--- Exercise input Enclosed Below ---
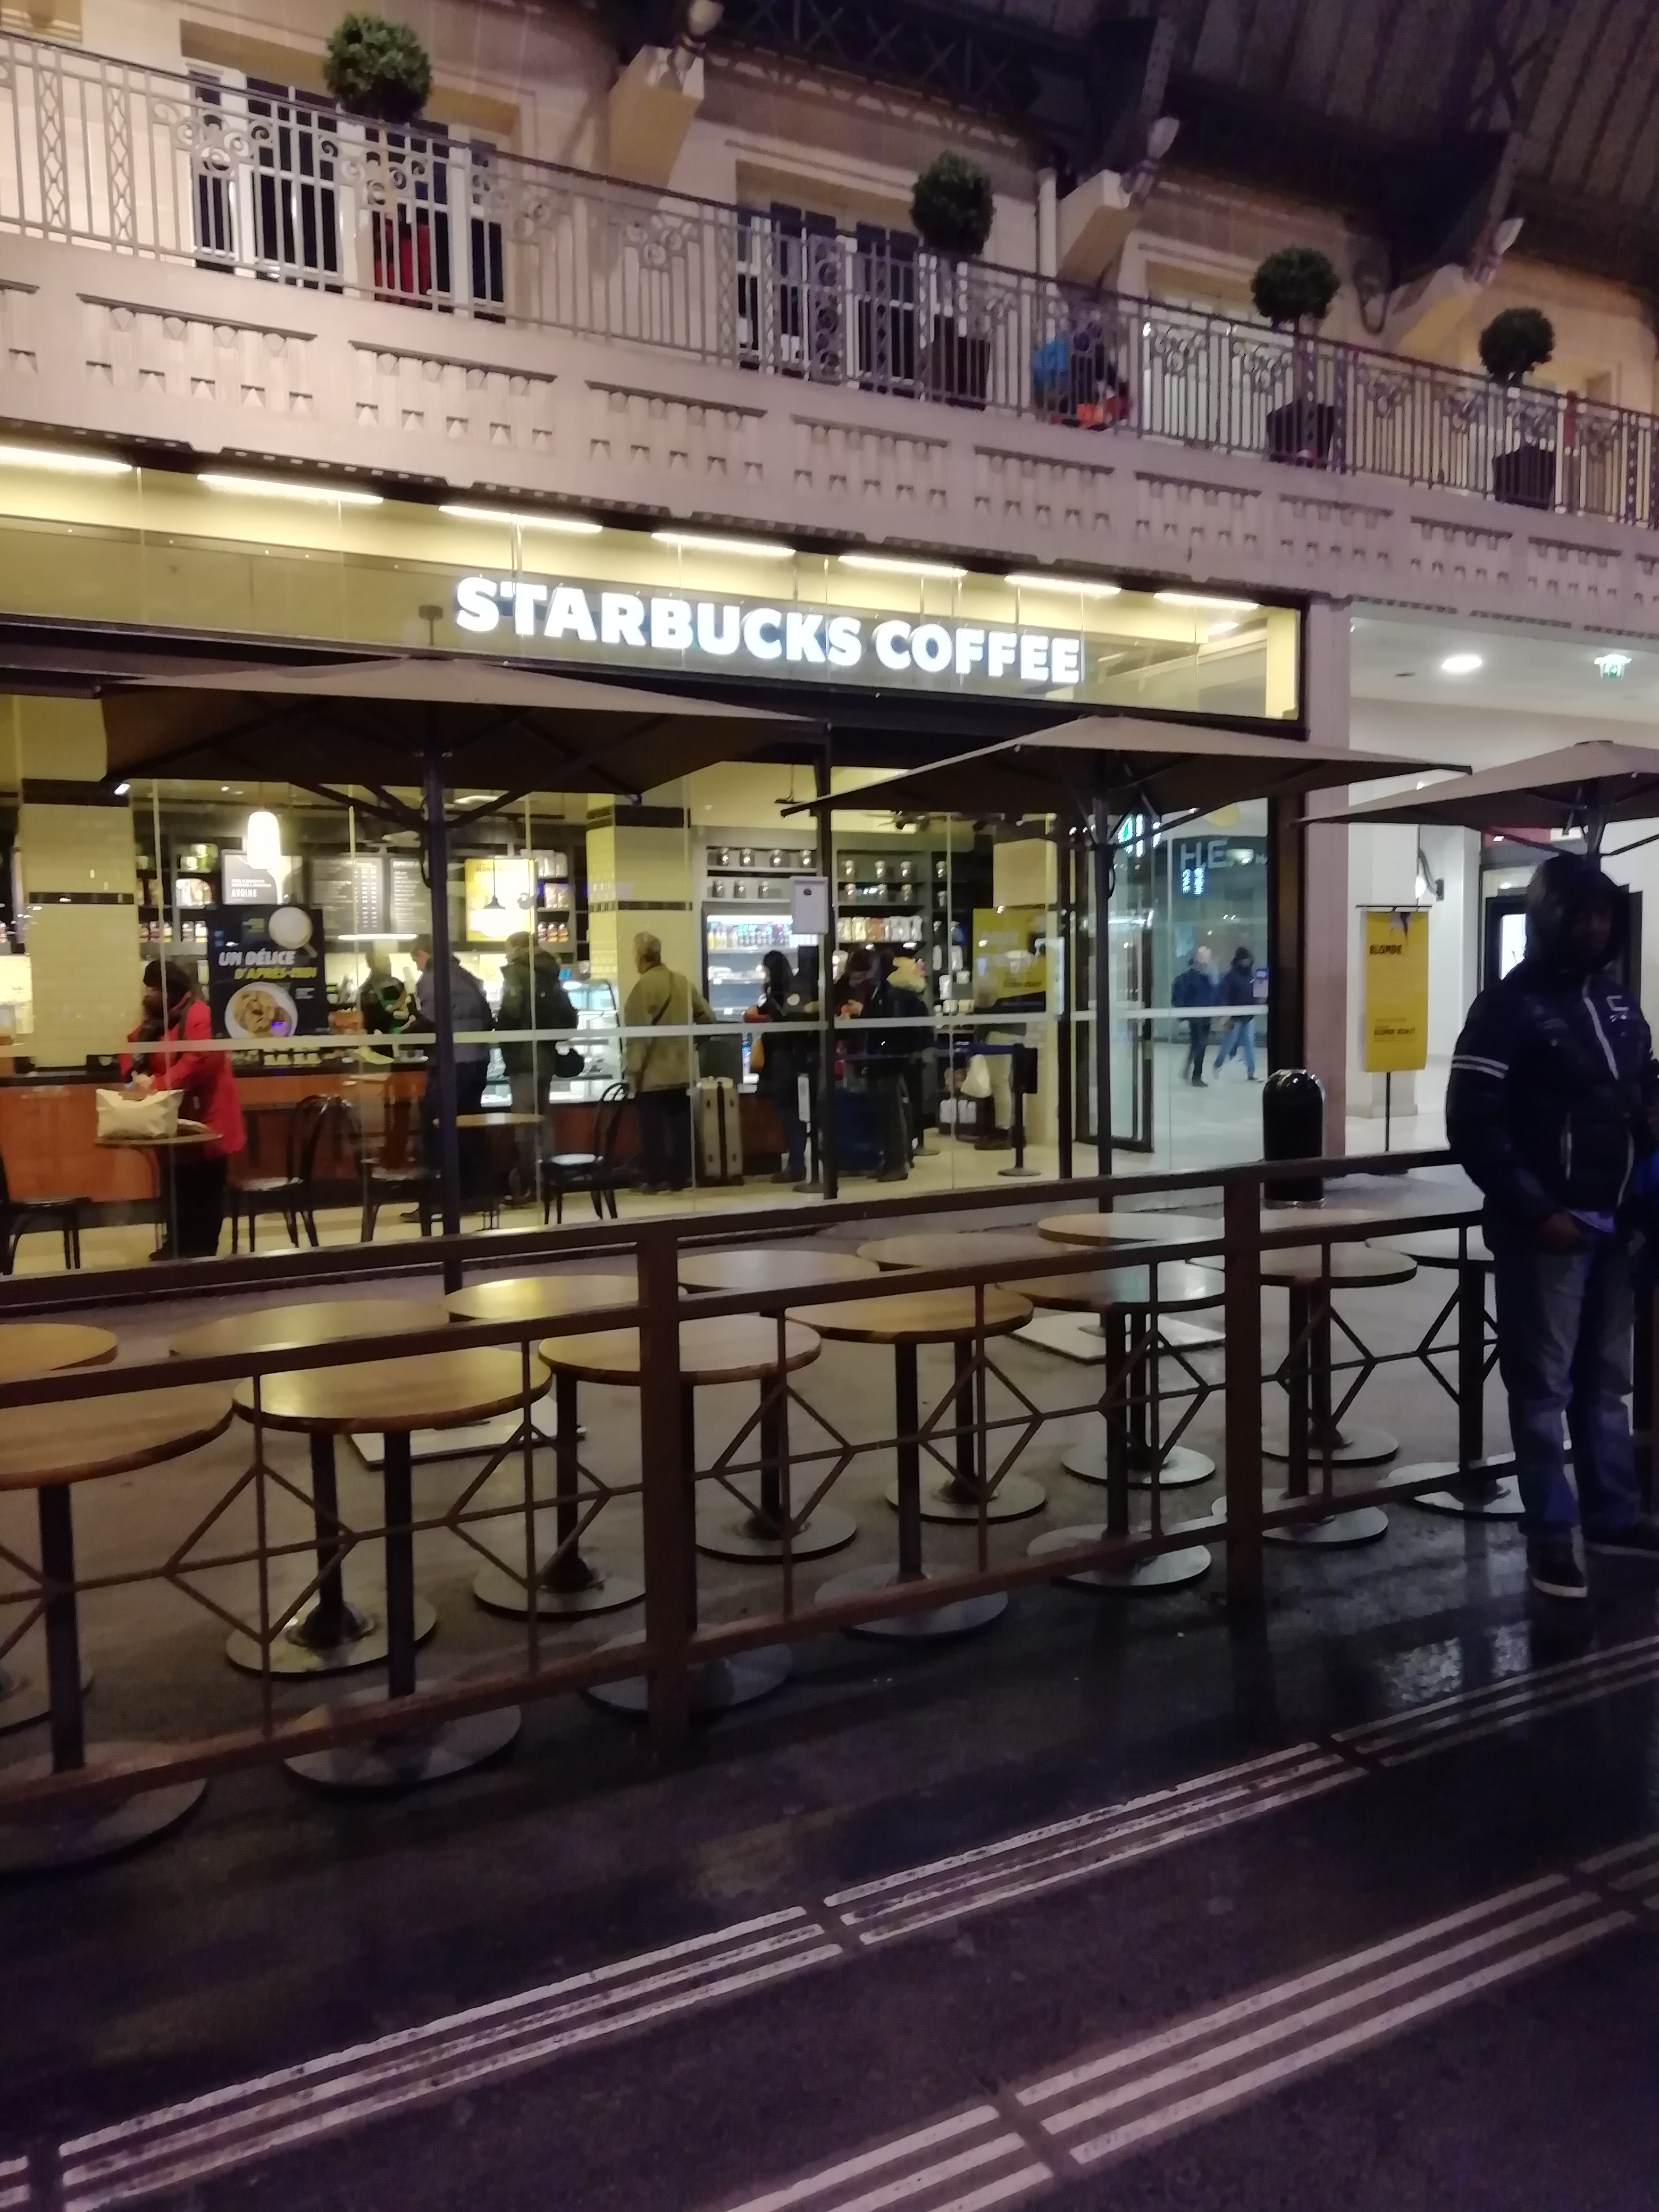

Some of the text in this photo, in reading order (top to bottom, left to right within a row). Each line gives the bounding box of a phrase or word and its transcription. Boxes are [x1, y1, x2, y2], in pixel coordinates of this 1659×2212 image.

[456, 576, 1080, 683] STARBUCKS COFFEE
[231, 888, 257, 898] AVOINE
[219, 948, 296, 967] UN DÉLICE
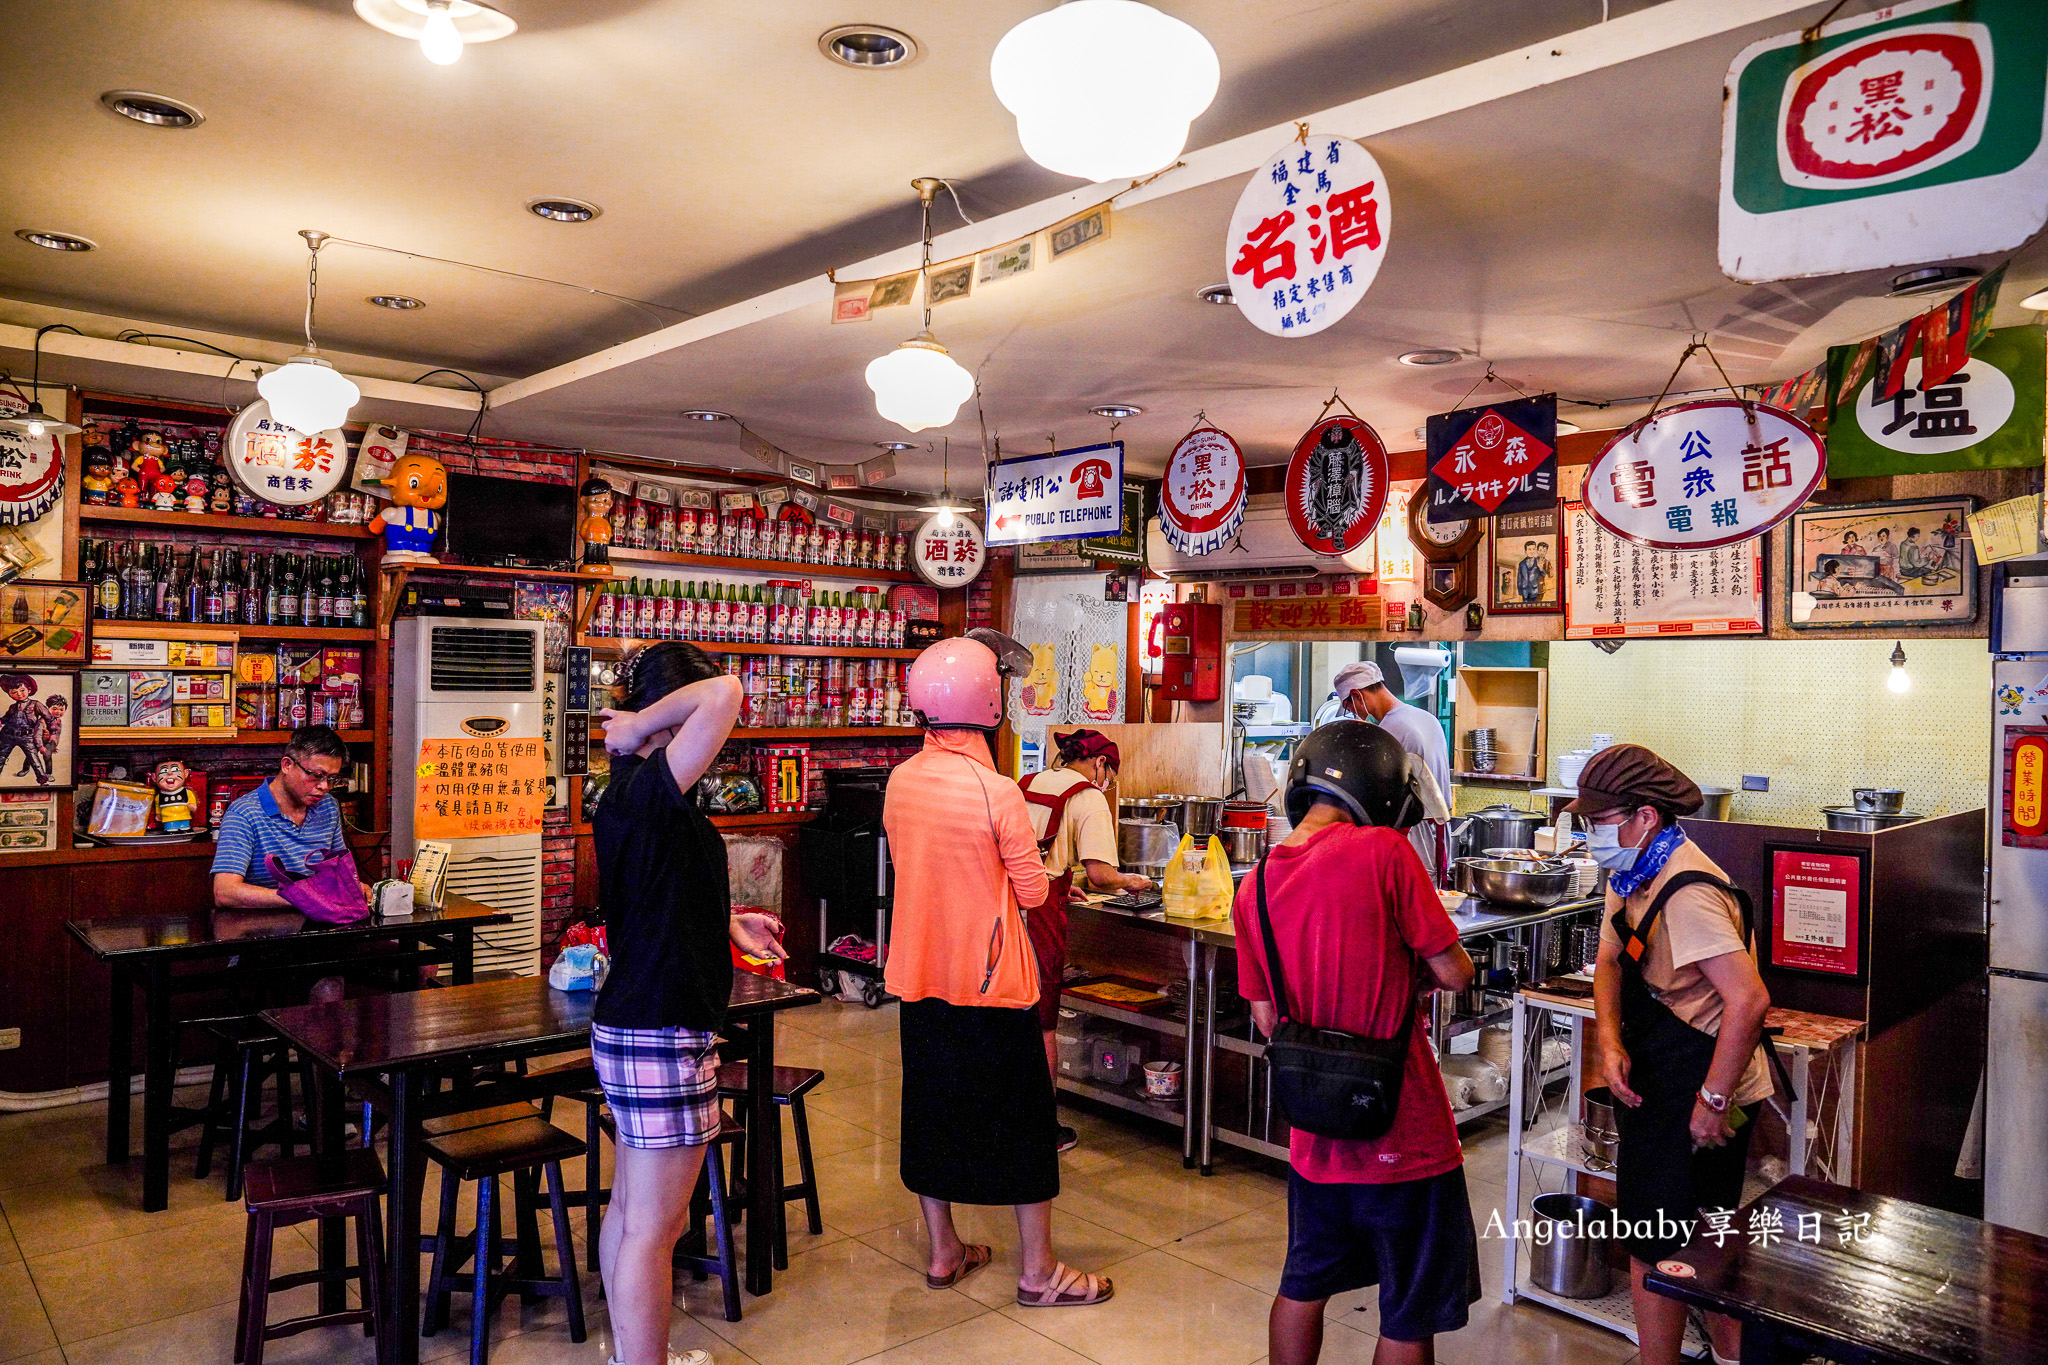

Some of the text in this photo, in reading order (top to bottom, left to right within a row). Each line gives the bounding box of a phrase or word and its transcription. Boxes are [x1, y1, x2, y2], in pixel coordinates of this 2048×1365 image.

[1845, 70, 1913, 145] 黑松
[1272, 141, 1342, 184] 福建省
[1283, 170, 1332, 206] 金馬
[1232, 181, 1382, 289] 名酒
[1272, 264, 1354, 311] 指定零售商
[1281, 307, 1311, 330] 編號
[1187, 452, 1216, 502] 黑松
[1025, 505, 1112, 526] PUBLIC TELEPHONE
[1190, 502, 1212, 512] DRINK
[1665, 498, 1740, 533] 電報
[1250, 598, 1368, 630] 歡迎光臨
[86, 708, 122, 716] DETERGENT
[543, 680, 556, 743] 安全衛生
[437, 741, 537, 759] 本店肉品皆使用
[2018, 751, 2037, 822] 營業時間
[434, 799, 509, 817] 餐具請自取
--- End of Enclosed Exercise input ---
Without the pictures, reproduce every record exactly as it appears above.

**Finished task**:
Some of the text in this photo, in reading order (top to bottom, left to right within a row). Each line gives the bounding box of a phrase or word and its transcription. Boxes are [x1, y1, x2, y2], in pixel coordinates of this 1659×2212 image.

[456, 576, 1080, 683] STARBUCKS COFFEE
[231, 888, 257, 898] AVOINE
[219, 948, 296, 967] UN DÉLICE

Some of the text in this photo, in reading order (top to bottom, left to right within a row). Each line gives the bounding box of a phrase or word and its transcription. Boxes are [x1, y1, x2, y2], in pixel coordinates of this 2048×1365 image.

[1845, 70, 1913, 145] 黑松
[1272, 141, 1342, 184] 福建省
[1283, 170, 1332, 206] 金馬
[1232, 181, 1382, 289] 名酒
[1272, 264, 1354, 311] 指定零售商
[1281, 307, 1311, 330] 編號
[1187, 452, 1216, 502] 黑松
[1025, 505, 1112, 526] PUBLIC TELEPHONE
[1190, 502, 1212, 512] DRINK
[1665, 498, 1740, 533] 電報
[1250, 598, 1368, 630] 歡迎光臨
[86, 708, 122, 716] DETERGENT
[543, 680, 556, 743] 安全衛生
[437, 741, 537, 759] 本店肉品皆使用
[2018, 751, 2037, 822] 營業時間
[434, 799, 509, 817] 餐具請自取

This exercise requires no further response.